Three ways depression can influence your long-term insurance cover
Depression is a type of mental disorder that can have a negative impact on your ability to interact with others as well as perform your duties at home or at work. Many people have, at some point in their lives, suffered from depression because of events such as the death of a loved one or other tragedies. This does not necessarily mean that it is a chronic condition or that it will re-occur.
There is a common misconception that if you’re diagnosed with depression, you are unable to get life cover. However, Henk Meintjes, Head of Risk Product Development at Liberty debunks this myth saying; “your insurance application won’t necessarily be declined, or your premium increased, just because you’ve been diagnosed with depression.”
Depression is a significant cause of claims for critical illness, income protection and disability under its Lifestyle Protector offering. That means if you are unable to work or earn an income due to depression and you have the right cover in place, your insurer will help you cover the financial strain.
So, if you or a loved one has struggled with or continues to deal with depression, Meintjes reveals three ways depression can influence your long-term insurance cover.
Not all depression is rated equal
When insurers assess an individual’s depression risk, they look at the severity of the condition, current lifestyle, the success of any treatment, management interventions, and any current or ongoing symptoms.
The reason is that mental health issues like depression range from a once-off reactive episode due to a specific event to major depression or mental illness that requires long-term treatment. If the event occurred several years ago and was successfully treated, the client would not necessarily incur a higher risk rating.
If, however, the individual is currently experiencing depression and there is no way to ascertain the severity of the condition or if it will deteriorate, a more robust approach to assess the level of risk will be taken.
Each mental issue is assessed and insured differently
Meintjes says, “As an insurer, Liberty will always consider the individual circumstances of applicants. Our underwriting team seeks to classify the degree of risk the applicant presents based on the information disclosed or obtained in the underwriting process.”
However, in the case of a more severe mental illness where suicide is a risk, life cover would carry a higher risk rating. Unfortunately, in some cases life cover would be declined. The good news is that even if cover cannot be extended or the rating makes it affordable, there are alternative cover options available such as funeral and accidental death cover.
So, while an individual risk rating may not apply to life cover, it may apply to income protection cover that pays out when you cannot work due to depression. In these cases, if the condition is relatively severe, the cover may exclude depression.

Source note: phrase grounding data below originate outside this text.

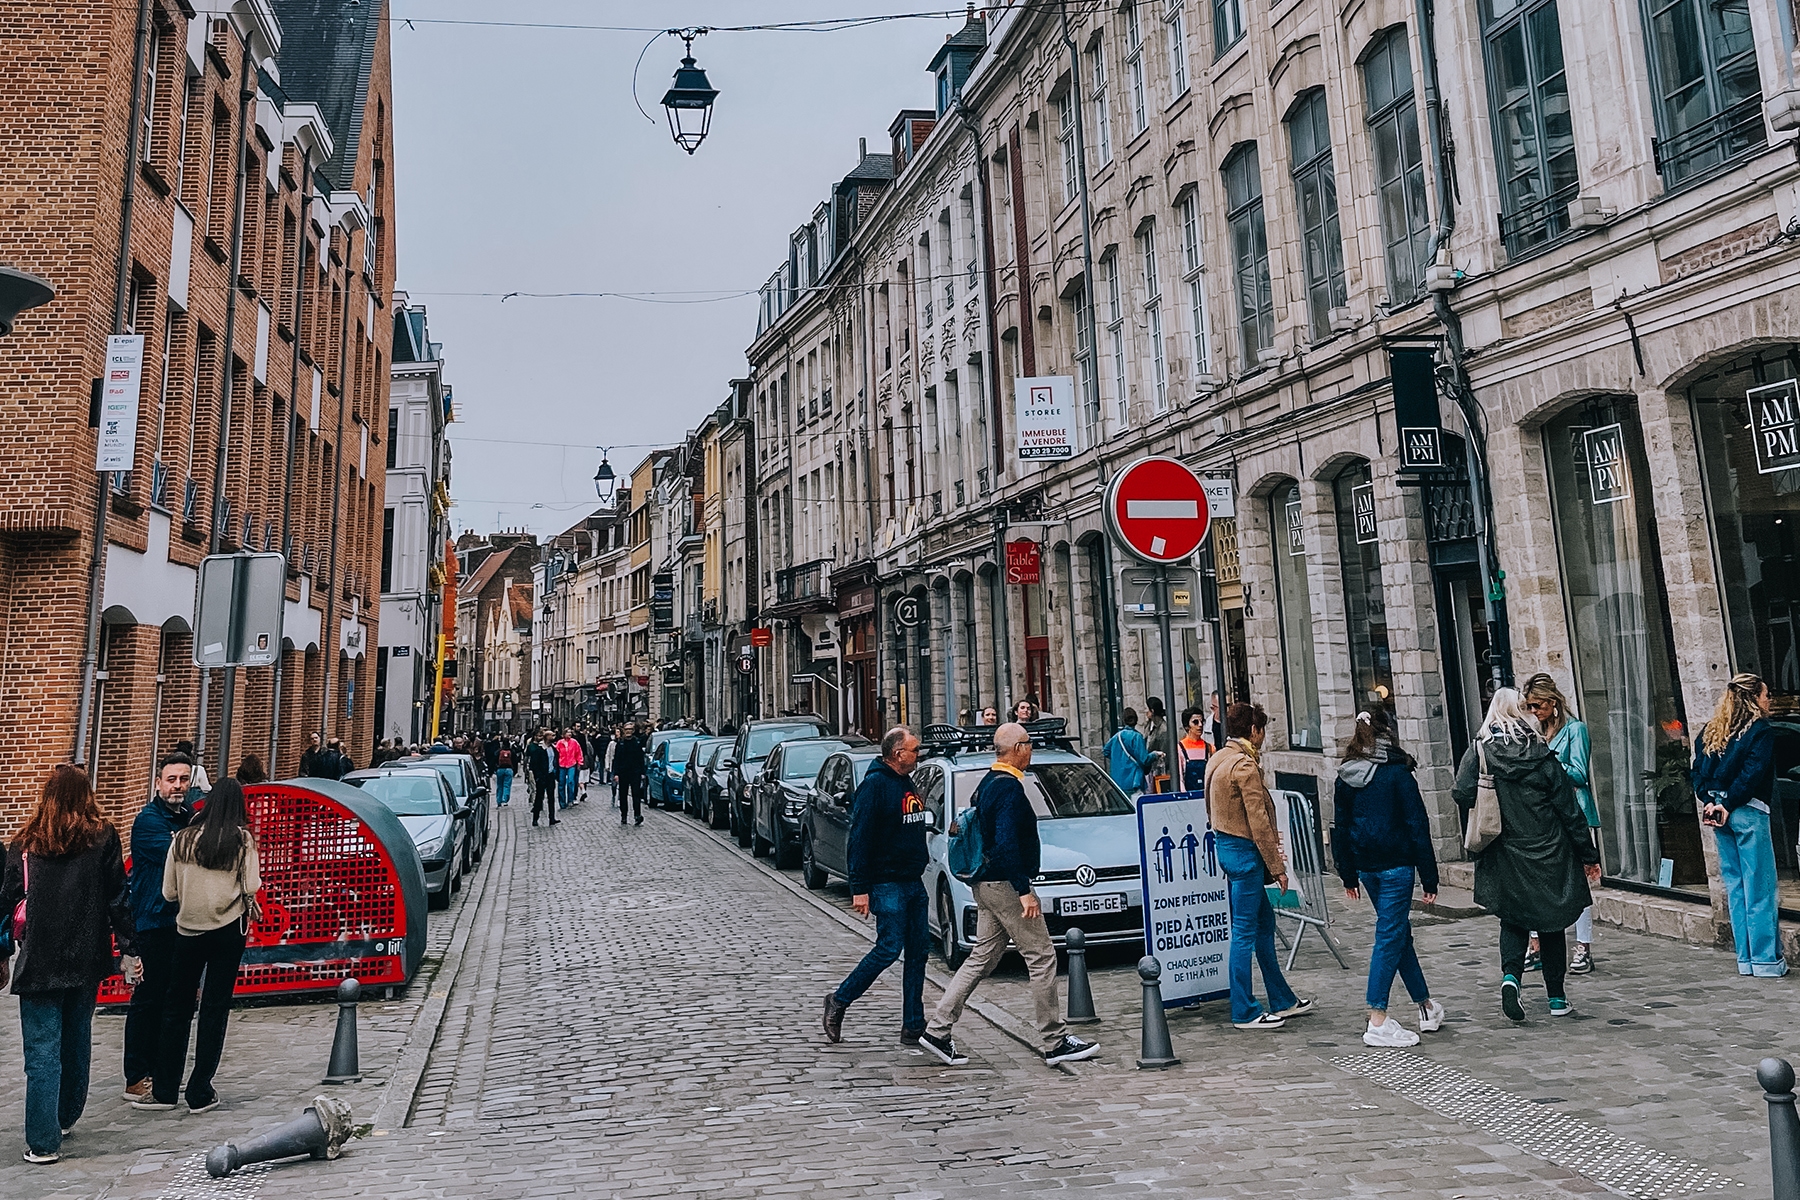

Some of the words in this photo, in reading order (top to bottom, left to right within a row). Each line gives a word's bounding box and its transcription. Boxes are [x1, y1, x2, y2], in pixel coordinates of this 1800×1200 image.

[1760, 395, 1794, 428] AM
[1021, 428, 1067, 438] IMMEUBLE
[1031, 437, 1067, 446] VENDRE
[1410, 433, 1433, 446] AM
[1052, 446, 1070, 454] 7000
[1594, 437, 1618, 464] AM
[1763, 427, 1799, 458] PM
[1412, 448, 1435, 460] PM
[1596, 465, 1621, 491] PM
[1358, 493, 1373, 514] AM
[1359, 514, 1375, 534] PM
[1008, 544, 1017, 552] La
[1007, 552, 1034, 566] Table
[1009, 566, 1039, 584] Siam
[742, 659, 751, 670] B
[1062, 897, 1119, 913] GB-516-GE
[1154, 896, 1181, 910] ZONE
[1182, 889, 1226, 907] PIÉTONNE
[1155, 919, 1182, 936] PIED
[1185, 913, 1194, 932] À
[1194, 911, 1228, 930] TERRE
[1156, 927, 1229, 952] OBLIGATOIRE
[1166, 956, 1198, 971] CHAQUE
[1198, 952, 1223, 966] SAMEDI
[1174, 972, 1184, 983] DE
[1186, 969, 1199, 981] 11H
[1205, 966, 1219, 977] 19H
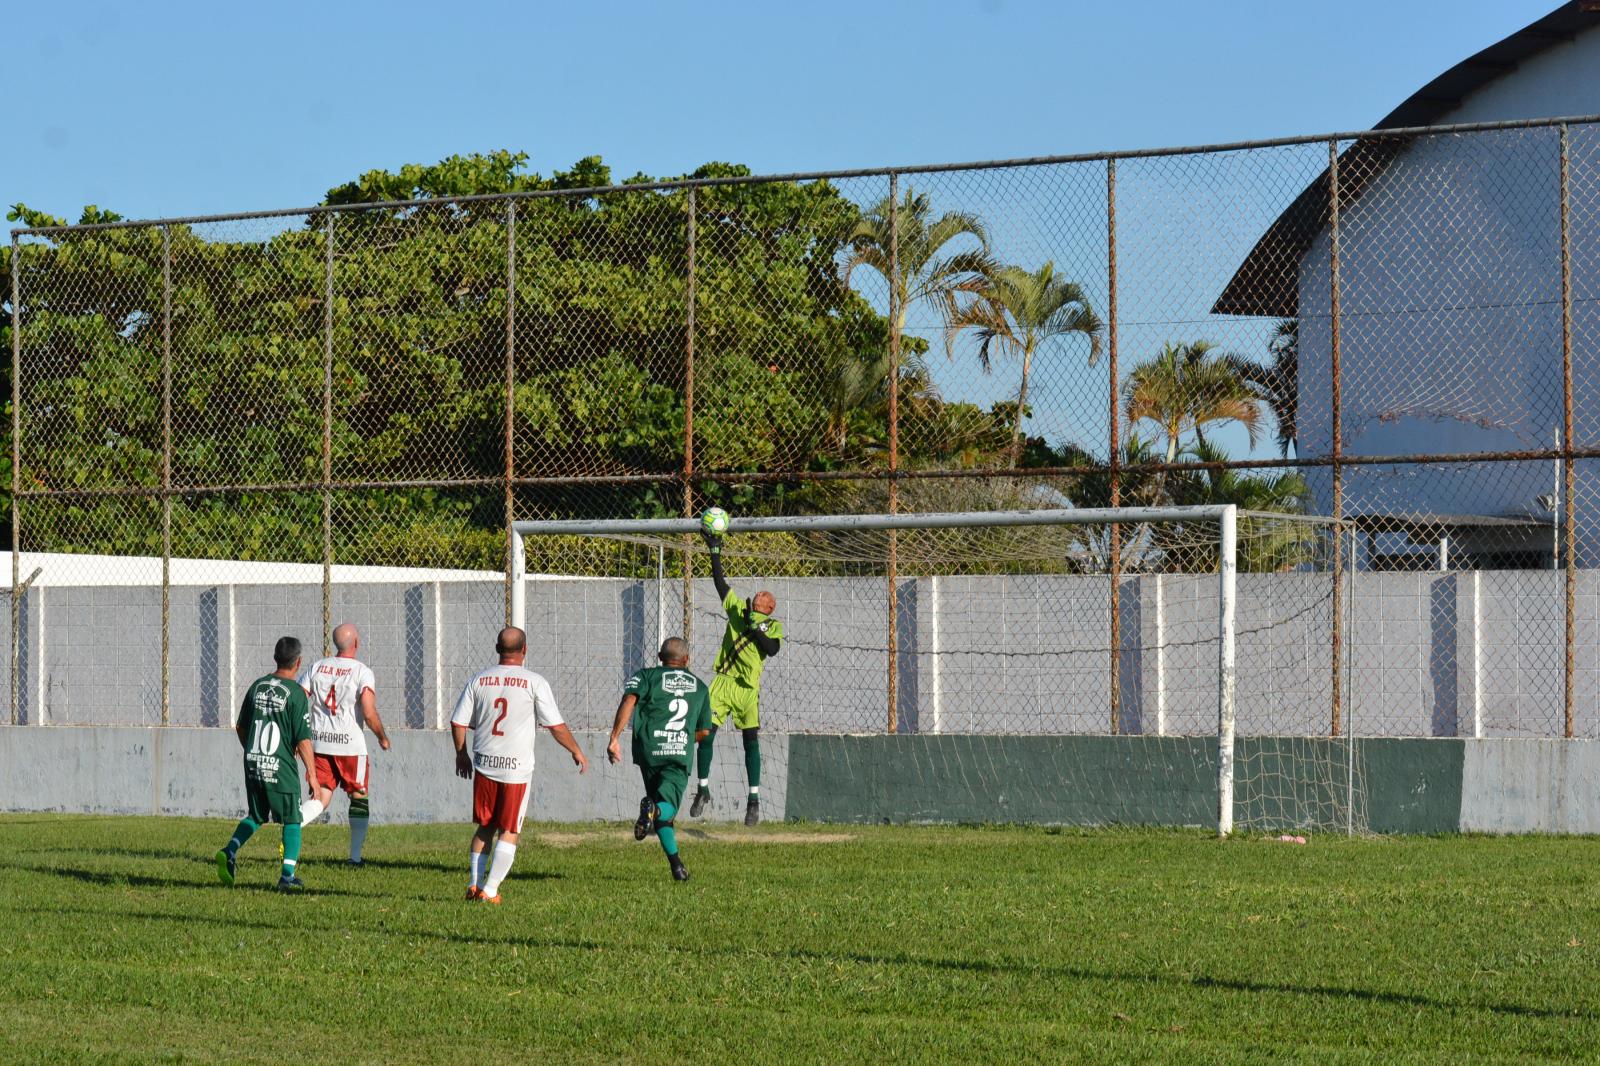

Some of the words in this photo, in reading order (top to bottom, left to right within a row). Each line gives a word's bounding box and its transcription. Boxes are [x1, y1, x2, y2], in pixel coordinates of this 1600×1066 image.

[480, 676, 500, 687] VILA
[504, 677, 528, 689] NOVA
[324, 684, 337, 717] 4
[491, 697, 508, 737] 2
[664, 698, 689, 731] 2
[250, 719, 281, 756] 10
[320, 732, 349, 744] PEDRAS
[483, 755, 517, 770] PEDRAS
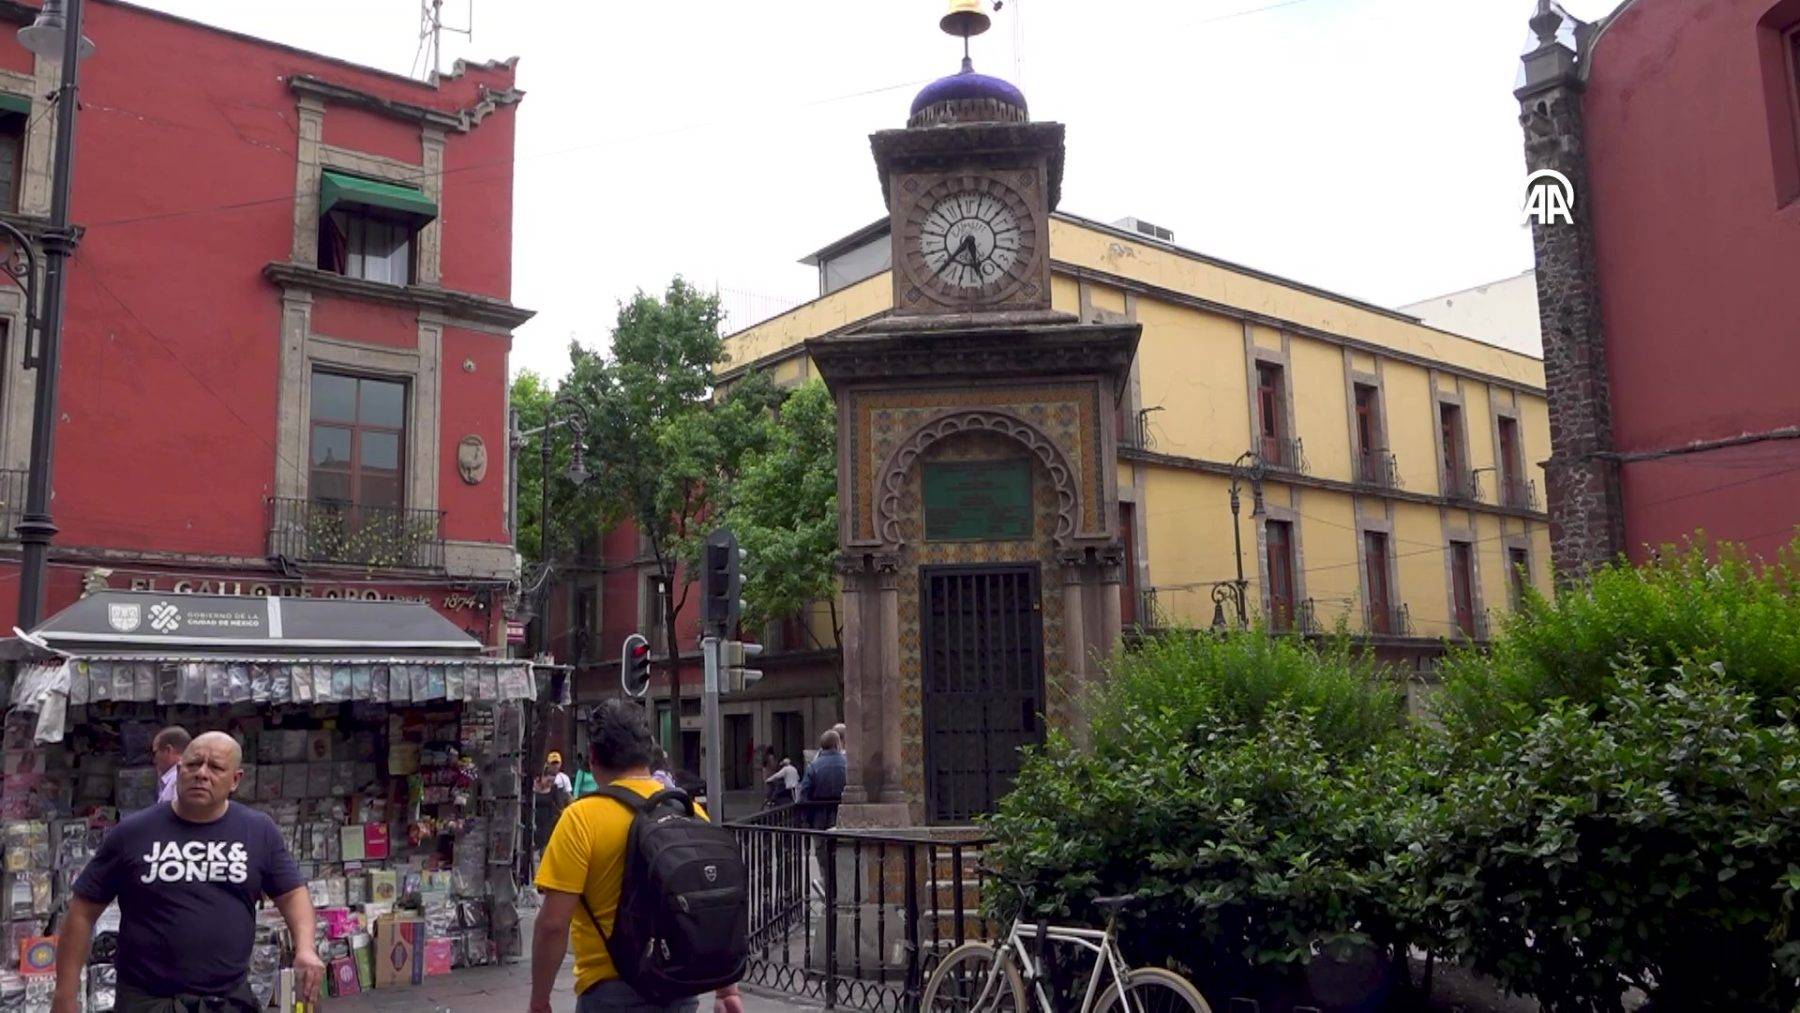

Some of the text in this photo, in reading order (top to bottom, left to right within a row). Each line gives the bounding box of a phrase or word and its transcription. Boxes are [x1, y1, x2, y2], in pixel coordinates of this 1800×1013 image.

[443, 593, 475, 611] 1874
[218, 619, 229, 627] DE
[143, 841, 248, 863] JACK&
[140, 861, 248, 884] JONES
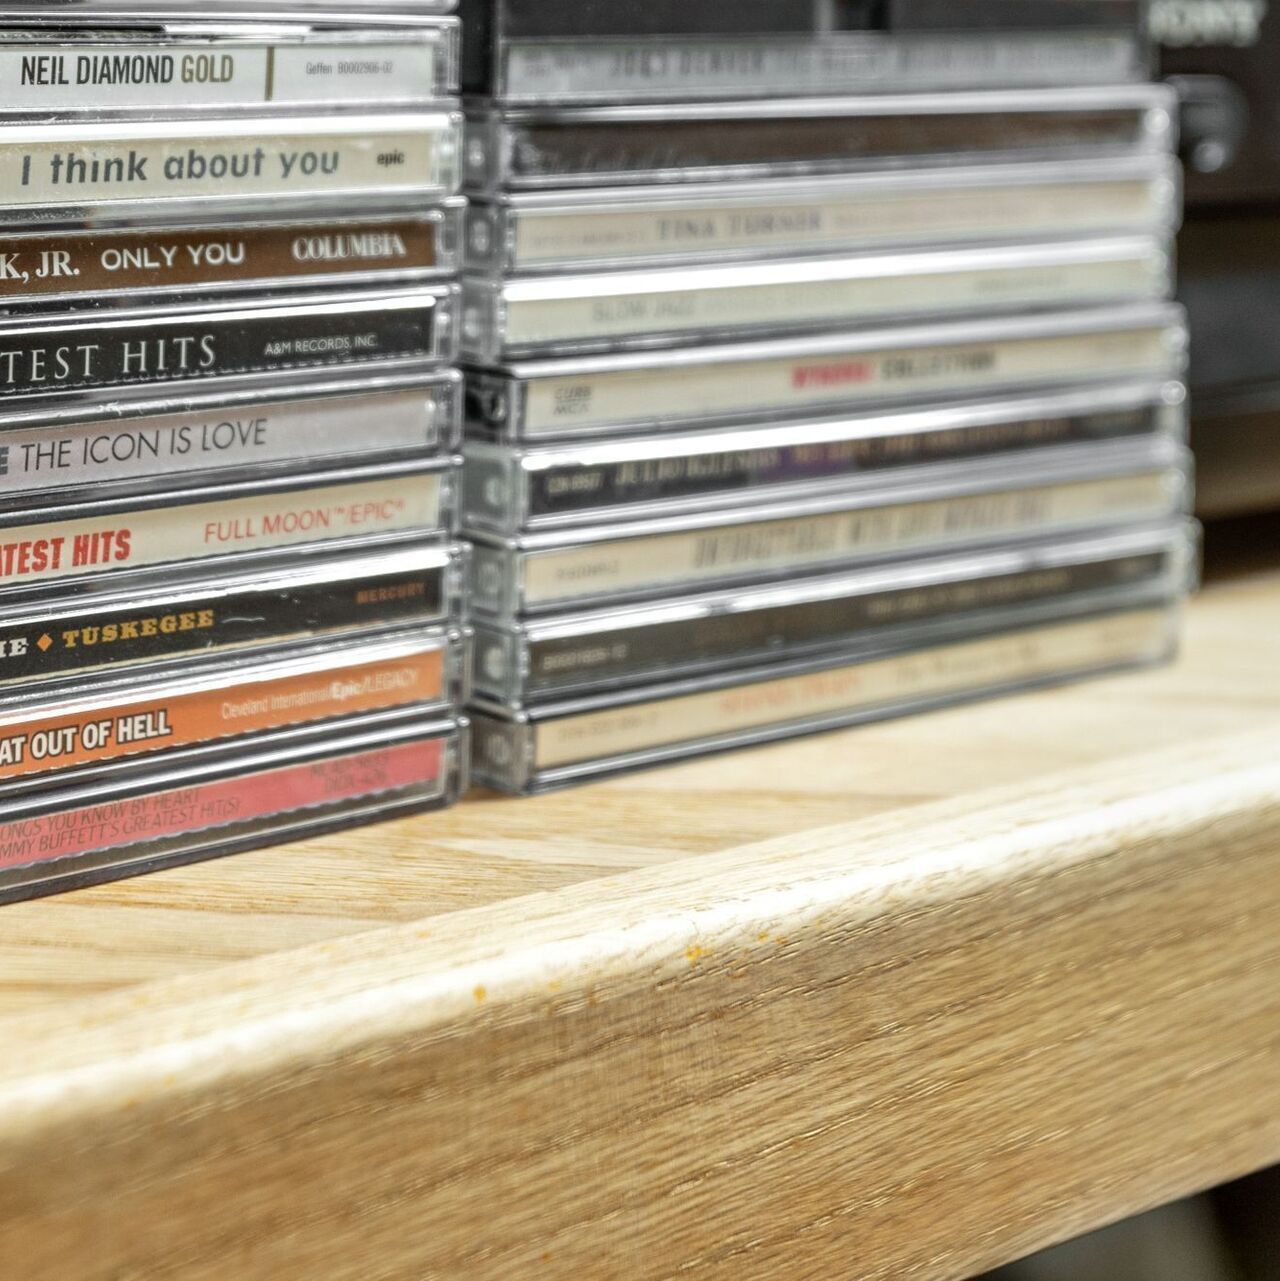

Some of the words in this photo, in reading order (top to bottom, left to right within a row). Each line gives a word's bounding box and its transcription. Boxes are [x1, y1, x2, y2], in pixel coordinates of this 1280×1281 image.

[20, 55, 70, 86] NEIL
[76, 55, 174, 85] DIAMOND
[181, 55, 234, 83] GOLD
[306, 62, 333, 75] Geffen
[22, 155, 31, 186] I
[51, 150, 148, 185] think
[164, 147, 266, 181] about
[279, 149, 340, 178] you
[376, 150, 405, 168] epic
[36, 249, 80, 278] JR.
[101, 240, 179, 271] ONLY
[187, 242, 245, 266] YOU
[292, 232, 407, 263] COLUMBIA
[121, 335, 216, 374] HITS
[264, 341, 292, 356] A&M
[21, 438, 72, 472] THE
[83, 431, 160, 465] ICON
[171, 426, 191, 455] IS
[202, 418, 268, 452] LOVE
[71, 528, 131, 567] HITS
[204, 520, 256, 544] FULL
[357, 581, 426, 606] MERCURY
[62, 609, 215, 650] TUSKEGEE
[222, 696, 268, 719] Cleveland
[31, 729, 75, 760] OUT
[82, 722, 112, 750] OF
[118, 710, 173, 745] HELL
[38, 822, 120, 852] BUFFETT'S
[122, 805, 195, 835] GREATEST
[46, 812, 78, 832] YOU
[81, 803, 128, 828] KNOW
[129, 796, 150, 816] BY
[153, 789, 200, 812] HEART

The importance of full disclosure if you have depression
If you currently or previously suffered from depression, it’s important to provide the insurer much relevant information as possible. Clients may be embarrassed about the condition and avoid talking about it, but that may leave them exposed financially.
“Withholding personal facts is not worth it. With insurance, you’re trying to mitigate risks, but with non-disclosure, you’re adding another level of risk. It’s simply not worth withholding information. It puts your entire policy at risk,” says Meintjes.
In the worst case scenario, an insurer could decide that the act of non-disclosure was so severe that the entire policy contract is deemed as null and void. This means that the beneficiaries of the insured will not receive any payment from the insurer.
For this reason it is vitally important to have a long term relationship with your Financial Adviser – or to seek one that you’re comfortable with and can trust with your personal information.